A Política, eu e o meu pai.

 


Enquanto outros, naqueles tempos, se encontravam em casa, rodeados por ‘nesgas’ de fascismo, eu, um puto de 5 ou 6 anos, sempre ouvi em minha casa, que a política era a mais nobre das ocupações, pelo respeito à coisa pública, pelo dever de servir os outros e pela superior obrigação de com os outros nos preocuparmos acima de qualquer outra coisa.

Nunca contei esta história, simplesmente porque nunca me apeteceu. O meu pai era sócio minoritário da Duarte Fétèira, recente fábrica de limas na Vieira por alturas dos anos 70. De entre todos os 10 ou 15 acionistas, o meu pai era administrador com mais dois sócios. Importa dizer que toda esta história se passou durante o PREC. A inflação nos 20%, e a consequente perda de rendimentos reais, revoltas constantes dos trabalhadores por melhores condições, diminuição de exportações, greves, etc.

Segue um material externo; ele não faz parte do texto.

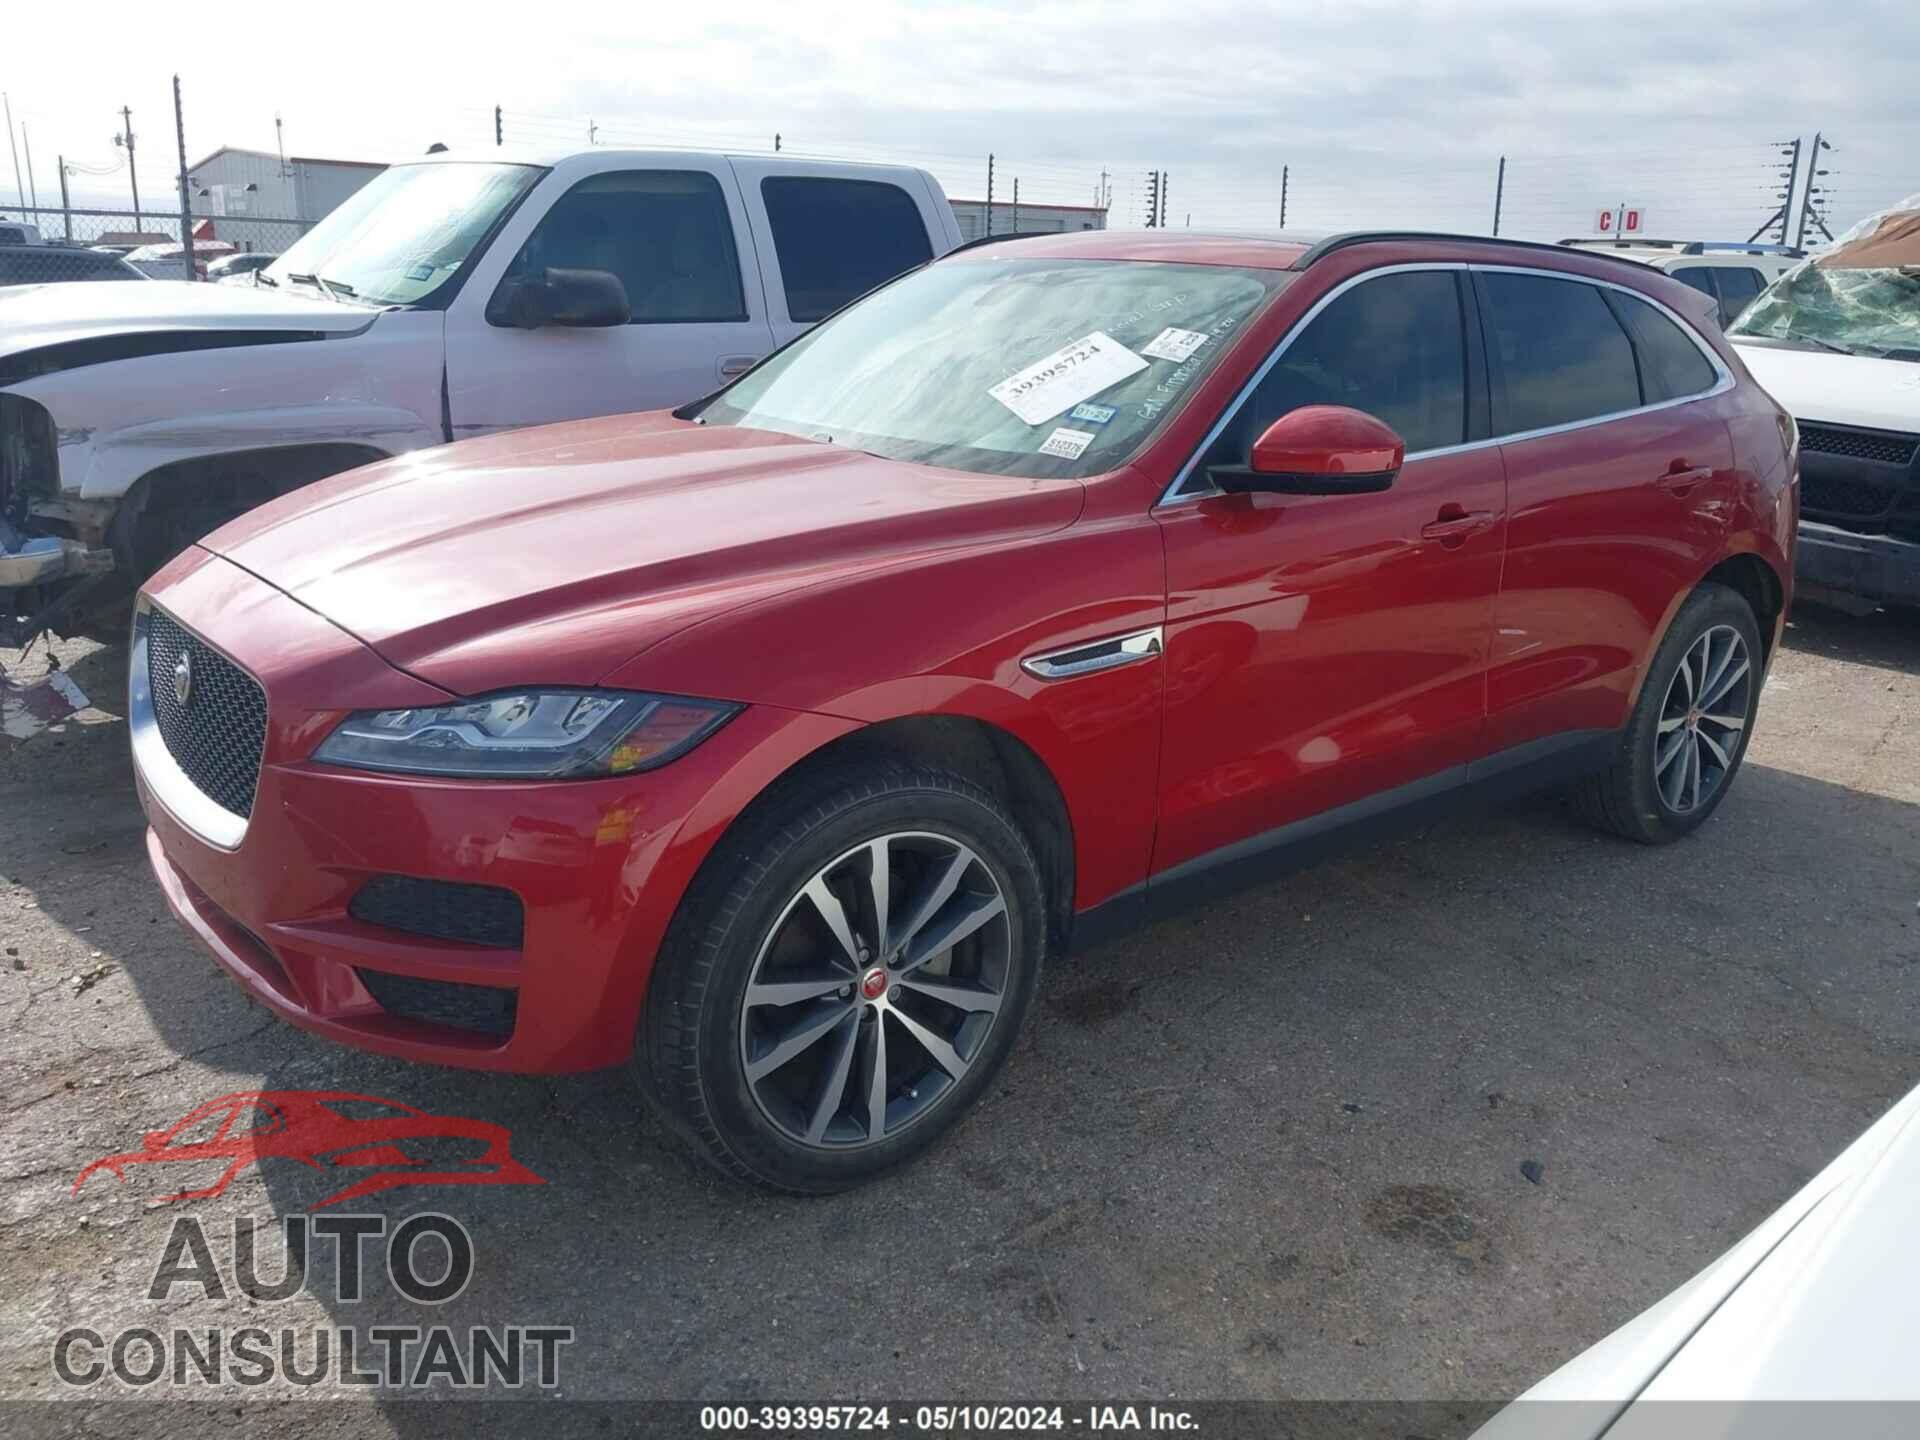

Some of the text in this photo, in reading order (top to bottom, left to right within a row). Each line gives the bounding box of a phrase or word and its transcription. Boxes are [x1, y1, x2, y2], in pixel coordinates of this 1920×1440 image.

[1600, 211, 1638, 231] C D
[1010, 344, 1101, 398] 39395724

Todos os ordenados de todos os trabalhadores daquela fábrica foram sempre assumidos por créditos pessoais que o meu pai e a minha avó conseguiam obter do banco através de letras comerciais. Por este exemplo e todos os demais dentro desta senda, que o meu avô António sempre ‘fez acontecer’, até deixar enormes dividas quando morreu. Quase impagáveis. Talvez pelo conhecimento destes antecedentes de ADN, fiz o meu percurso na Biblioteca sem que nada me incomodasse. Sempre considerei essa a minha obrigação. E nunca, por nunca, nessa altura, senti qualquer desaprovação do meu pai, quando hipotequei a minha casa de Lisboa, para saldar dívidas da BIP. Nem dele, nem de ninguém desta casa. Para todos eles, mais não era que uma cruz que tinha de carregar. Daquela vez era eu. Apenas isso.

O ilustre oposicionista e advogado Marinhense, Dr. José Henriques Vareda, atreveu-se a escrever um artigo num jornal local onde destruía ou pretendia destruir a gestão da Duarte Fétèira que nunca, como noutras empresas era frequente, teve ordenados em atraso e sempre manteve a divida com a Segurança Social devidamente negociada.

O meu pai conhecia-o bem. Foram ambos oposicionistas ao anterior regime. Eram amigos.

Só que o meu pai nunca lhe perdoou esse ‘atrevimento’ ao elaborar esse vergonhoso artigo onde o autor tentava fazer comparações com uma fábrica francesa, com problemas totalmente distintos e até com soluções opostas e extremamente prejudiciais para os trabalhadores.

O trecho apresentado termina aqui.